Caprolactone is a monomer used in the production of highly specialised polymers. Ring-opening polymerization, for example, gives polycaprolactone. Another polymer is polyglecaprone, used as suture material in surgery.

Berryflor™ [104986-28-9] is a known use of caprolactone.

==Reactions==
Although no longer economical, caprolactone was once produced as a precursor to caprolactam. Caprolactone is treated with ammonia at elevated temperatures to give the lactam:
(CH_{2})_{5}CO_{2} + NH_{3} → (CH_{2})_{5}C(O)NH + H_{2}O

Carbonylation of caprolactone gives, after hydrolysis, pimelic acid. The lactone ring is easily opened with nucleophiles including alcohols and water to give polylactones and eventually the 6-hydroxyadipic acid.

==Related compounds==
Several other caprolactones are known, including α-, β-, γ-, and δ-caprolactones.
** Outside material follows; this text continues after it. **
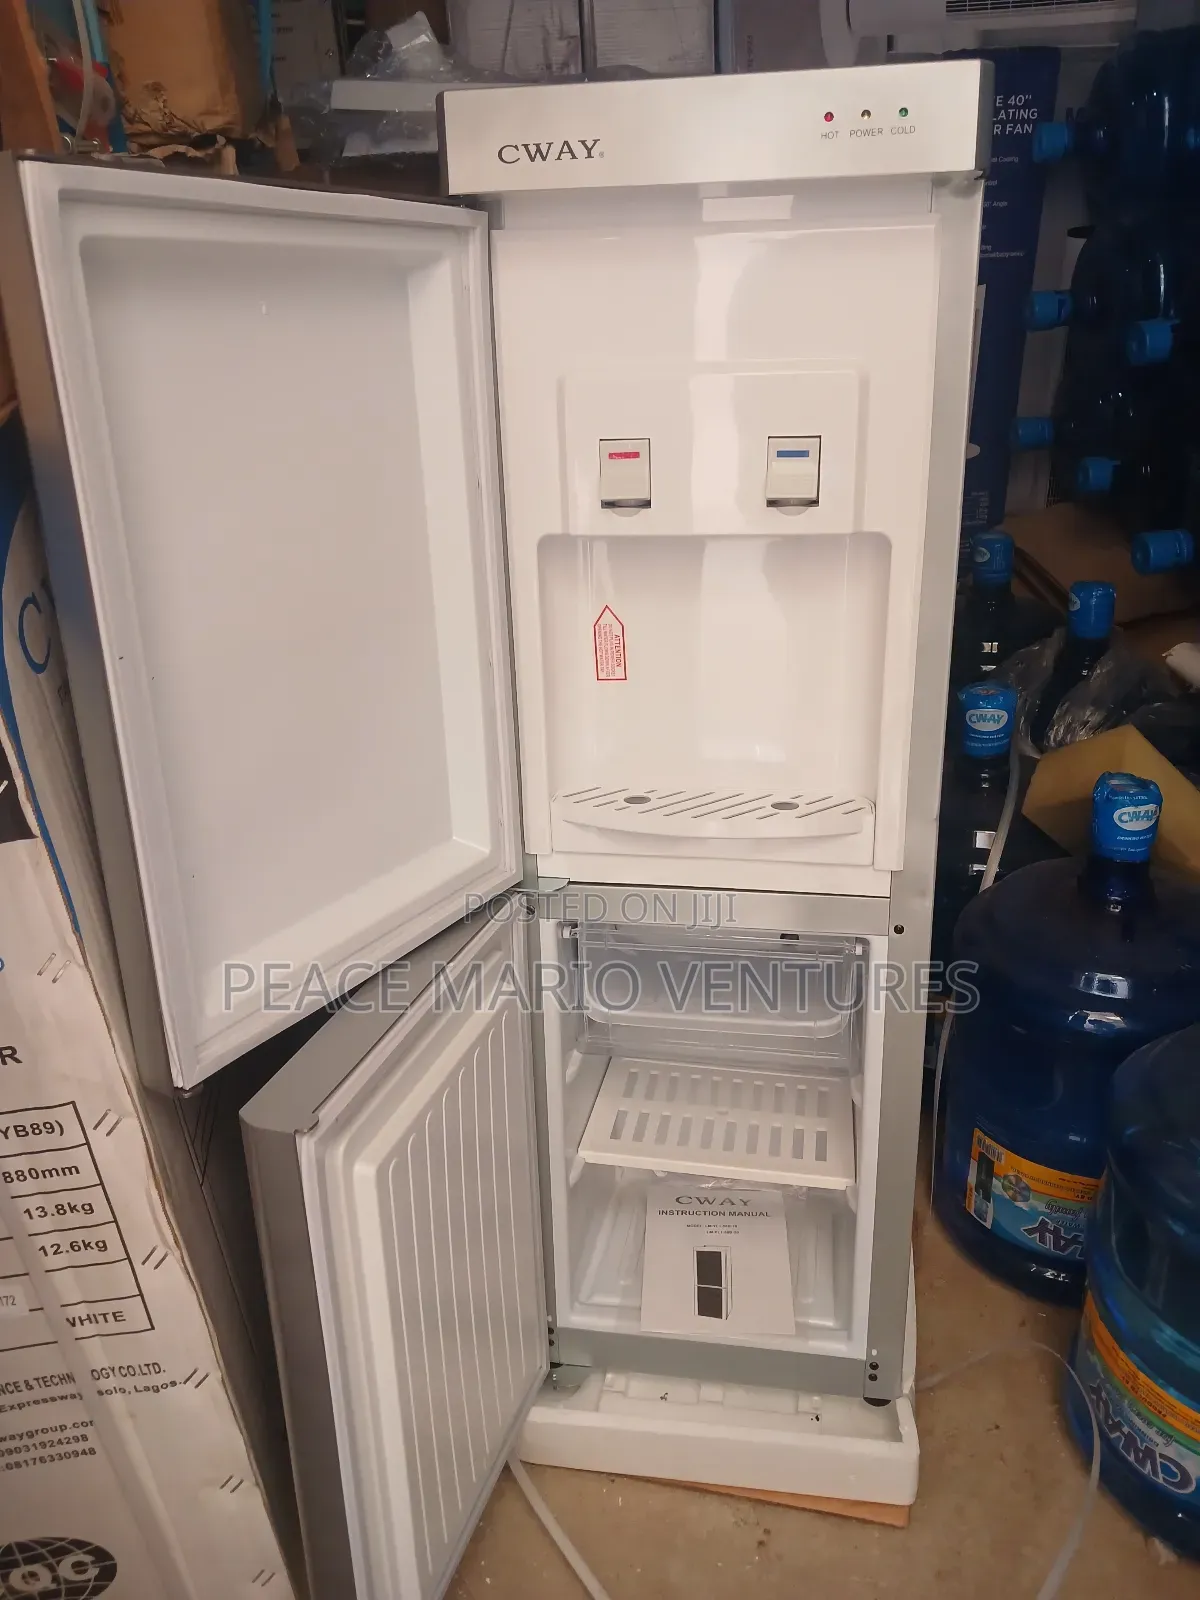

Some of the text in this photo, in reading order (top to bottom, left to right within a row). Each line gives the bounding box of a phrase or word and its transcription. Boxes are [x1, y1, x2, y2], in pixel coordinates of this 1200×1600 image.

All are chiral. (R)-γ-caprolactone is a component of floral scents and of the aromas of some fruits and vegetables, and is also produced by the Khapra beetle as a pheromone. δ-caprolactone is found in heated milk fat.

An ether of caprolactone is used as a binder for AP/AN/Al rocket propellant HTCE: Hydroxy-Terminated Caprolactone Ether

==Safety==
Caprolactone hydrolyses rapidly and the resulting hydroxycarboxylic acid displays unexceptional toxicity, as is common for the other hydroxycarboxylic acids. It is known to cause severe eye irritation. Exposure may result in corneal injury.